Summer first describes the stupor of nature under the aridity of the Sun and then a storm, already announced in the first movement and reaches the maximum of violence at the end. Autumn seems presided over by the God Bacchus; the composer presents the soporific intoxication of a villager, happy harvest; then, at dawn, part Hunter with their horns and their dogs in search of prey. Predominate sound images of snow and ice in the winter .
The popularity of this work goes back to the same time of its creation. Especially of the first concert, the spring, quickly circulated in France handwritten copies, arrangements and imitations. But at the end of 1730 the Venetian public began to show less interest in their music, so Vivaldi decided to in 1741 to try his luck in Vienna, where he died a month after his arrival in absolute poverty.
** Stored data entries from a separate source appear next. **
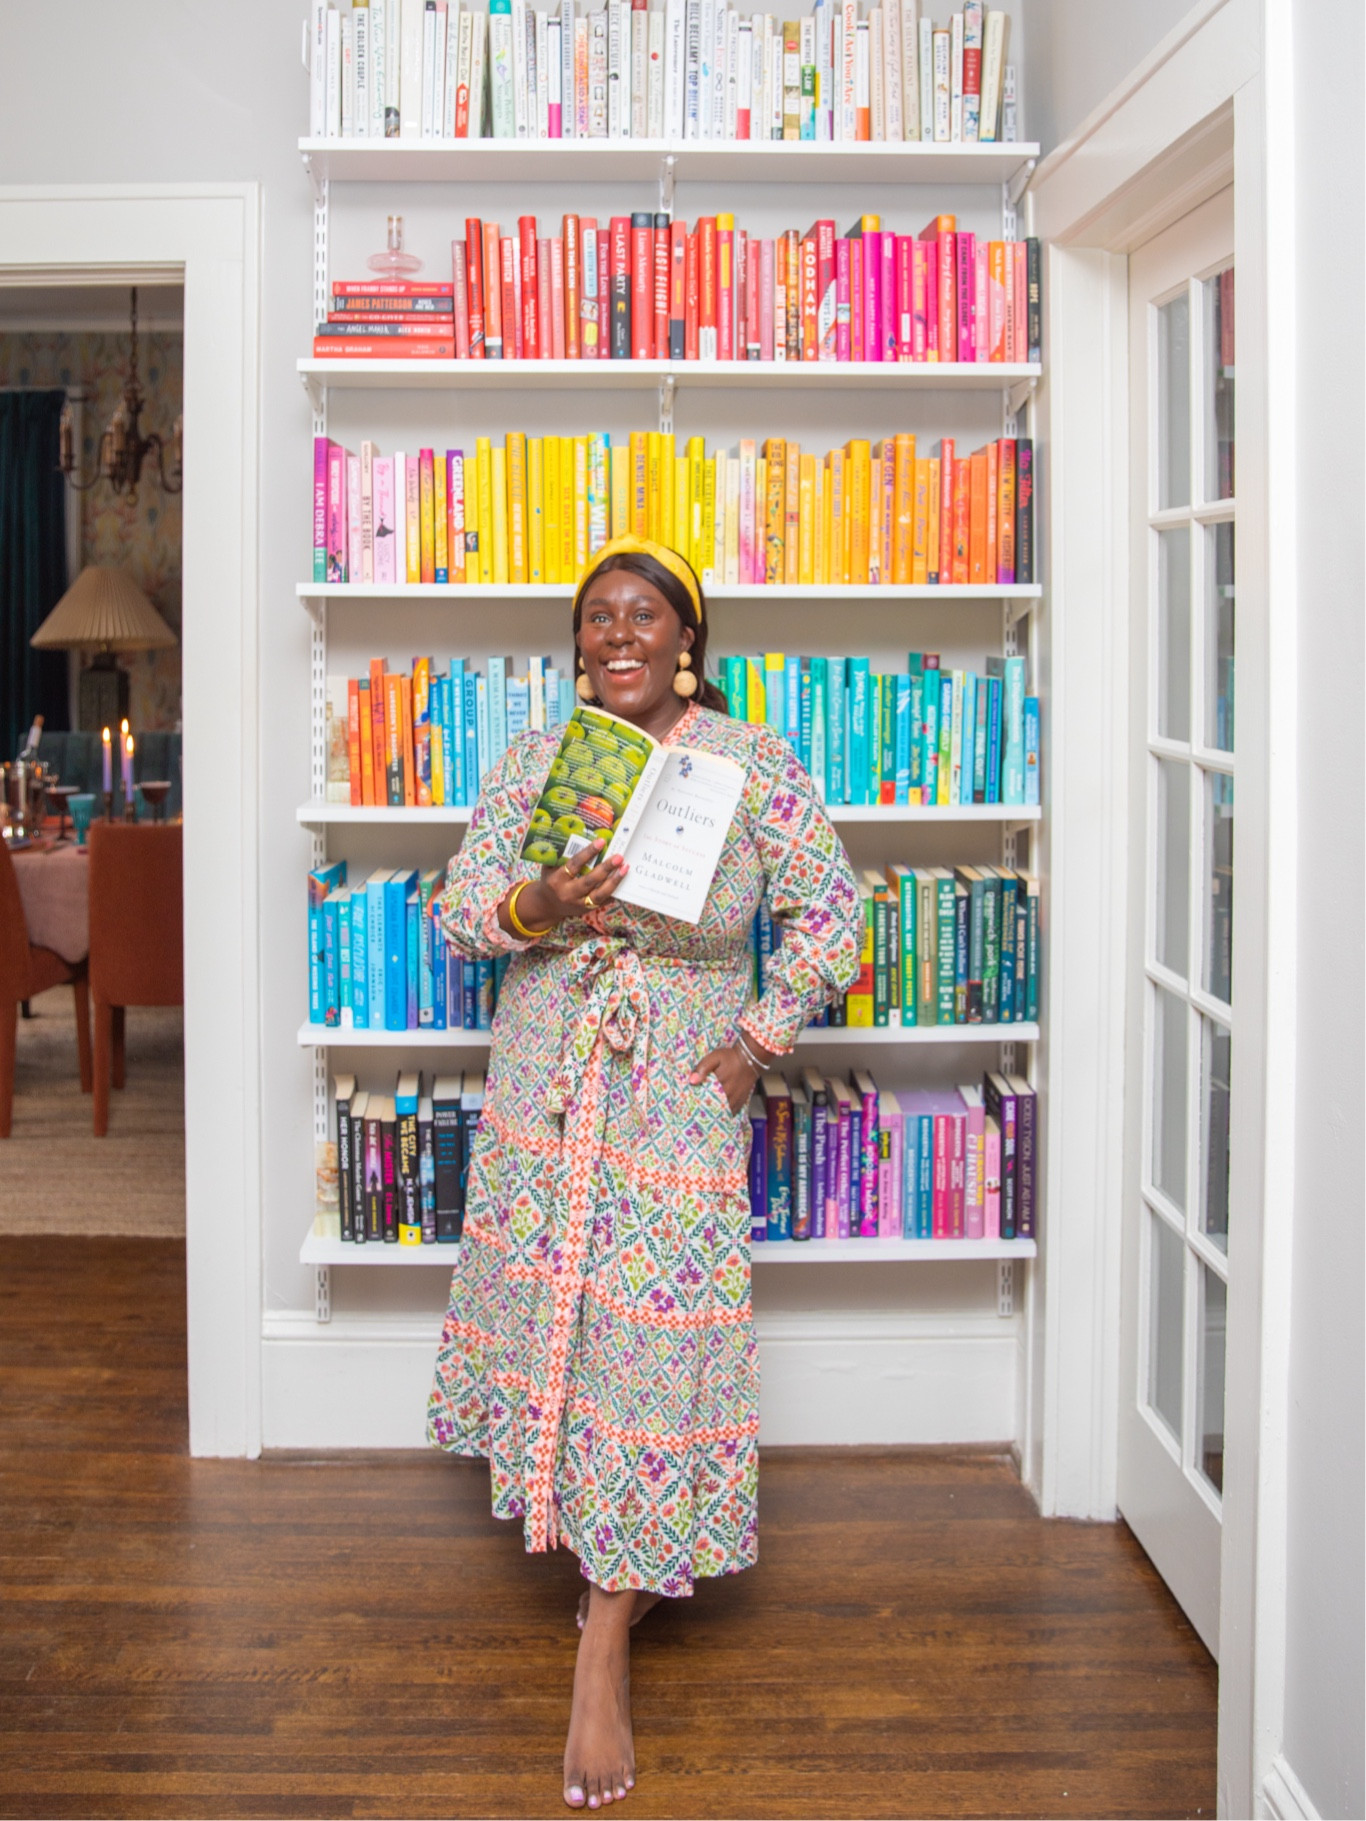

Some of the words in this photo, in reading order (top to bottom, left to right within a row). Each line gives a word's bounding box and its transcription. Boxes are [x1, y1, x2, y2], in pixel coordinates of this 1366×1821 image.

[357, 14, 365, 27] THE
[689, 2, 700, 21] BILL
[845, 4, 855, 32] Cook
[357, 30, 365, 58] GOLDEN
[689, 24, 699, 64] BELLAMY
[845, 39, 854, 53] As
[357, 61, 365, 89] COUPLE
[689, 70, 699, 86] TOP
[845, 59, 854, 81] You
[845, 85, 854, 104] Are
[568, 218, 576, 249] UNDER
[638, 232, 647, 255] Liane
[568, 250, 576, 267] THE
[616, 234, 626, 259] LAST
[655, 243, 667, 272] LAST
[568, 267, 576, 289] SKIN
[616, 262, 626, 295] PARTY
[636, 255, 648, 294] Moriarty
[805, 241, 816, 316] RODHAM
[346, 298, 370, 310] JAMES
[371, 298, 413, 310] PATTERSON
[655, 275, 668, 316] FLIGHT
[884, 443, 895, 463] OUR
[1020, 449, 1032, 469] No
[636, 454, 645, 484] DENISE
[884, 465, 895, 486] GEN
[316, 489, 324, 506] AM
[362, 496, 370, 506] BY
[452, 456, 463, 530] GREENLAND
[636, 486, 645, 510] MINA
[1019, 474, 1032, 509] Filter
[316, 509, 324, 545] DEBRA
[362, 510, 371, 525] THE
[591, 504, 606, 552] WILL
[362, 528, 371, 551] BOOK
[316, 548, 324, 564] LEE
[789, 664, 797, 678] THE
[1012, 666, 1021, 681] The
[466, 679, 474, 726] GROUP
[942, 683, 950, 715] DARING
[1011, 682, 1021, 743] Displacements
[941, 715, 950, 752] GREATLY
[391, 733, 399, 771] DAUGHTER
[976, 759, 984, 776] CUT
[656, 798, 716, 829] Outliers
[641, 851, 694, 877] MALCOLM
[635, 864, 692, 892] GLADWELL
[985, 891, 997, 941] greenwich
[761, 938, 770, 950] TO
[904, 933, 912, 950] BABY
[985, 944, 996, 967] park
[904, 981, 913, 1006] PETERS
[815, 1110, 826, 1133] The
[1005, 1101, 1015, 1121] SCARE
[1022, 1097, 1033, 1128] CICELY
[401, 1121, 408, 1135] WE
[1006, 1121, 1014, 1138] YOUR
[798, 1133, 807, 1153] THIS
[815, 1135, 826, 1165] Push
[1006, 1138, 1015, 1155] SOUL
[1022, 1130, 1032, 1160] TYSON
[384, 1151, 393, 1184] MISTER
[798, 1163, 807, 1178] MY
[966, 1153, 977, 1206] HAUSER
[1022, 1163, 1032, 1185] JUST
[798, 1179, 808, 1218] AMERICA
[816, 1181, 825, 1205] Ashley
[866, 1189, 874, 1220] MAGIC
[1023, 1187, 1032, 1200] AS
[1023, 1205, 1032, 1220] AM
Fallen into oblivion after his death, the rediscovery of Vivaldi did not take place until the 20th century, thanks to the music of Bach, who transcribed had twelve concertos Vivaldi to different instruments. The interest by the German musician was precisely that solo paved the way towards the knowledge of an artist skilled in end, prolific as few and one of the architects of the evolution of the concert as we know it today.
After the second world war, just two decades after starting recovery and dissemination of its work, Vivaldi became one of the most performed authors in the world. Despite the sad end of the composer and the long period of oblivion, the Vivaldi work contributed, through Bach, to lay the foundations of what would become the music of the masters of classicism, especially in France, and consolidate the structure of the concert soloist.